GM1 ganglioside in Parkinson's disease: Results of a five year open study

Abstract

Previous work demonstrated that short-term (i.e., 16 weeks) use of GM1 ganglioside resulted in significant symptom reduction in Parkinson's disease (PD) patients. As GM1 use may have long-term benefit for PD patients, the present study was conducted to evaluate the long-term safety and efficacy of GM1 in PD patients. Twenty-six patients who concluded a previous randomized double blind placebo controlled trial of GM1 volunteered for this open-extension study.

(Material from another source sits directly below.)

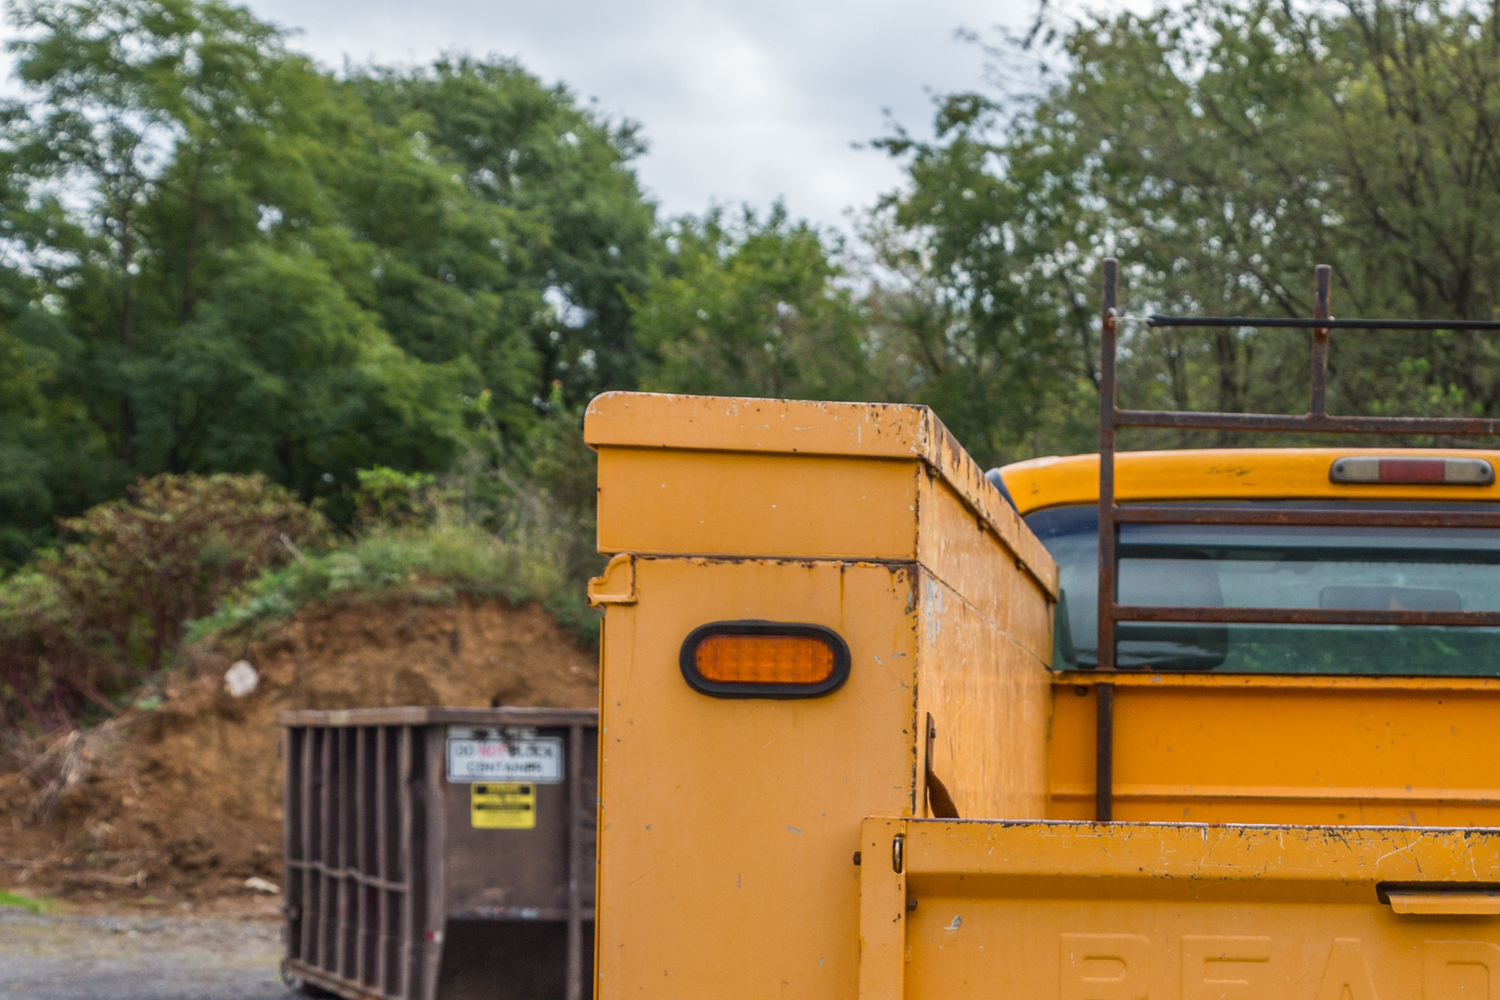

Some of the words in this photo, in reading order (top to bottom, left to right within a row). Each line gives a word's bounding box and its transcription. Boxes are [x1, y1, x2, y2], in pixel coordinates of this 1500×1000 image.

At the end of 5 years of GM1 use, patients generally had lower Unified Parkinson's Disease Rating Scale (UPDRS) motor scores (assessed during a practically defined "off" period) than at baseline prior to randomization into the original study. A similar result was found for UPDRS Activities of Daily Living scores. Performance of timed motor tests also remained mostly stable over the 5 year observation period. No consistent clinically significant changes in blood chemistry, hematologic indices or urine chemistry were noted over the course of this study. These results suggest that long-term GM1 use by PD patients is safe and may provide some clinical benefit for PD patients. Additional study is required to more completely assess the degree to which GM1 treatment may be a symptomatic and/or disease-modifying agent for treatment of PD.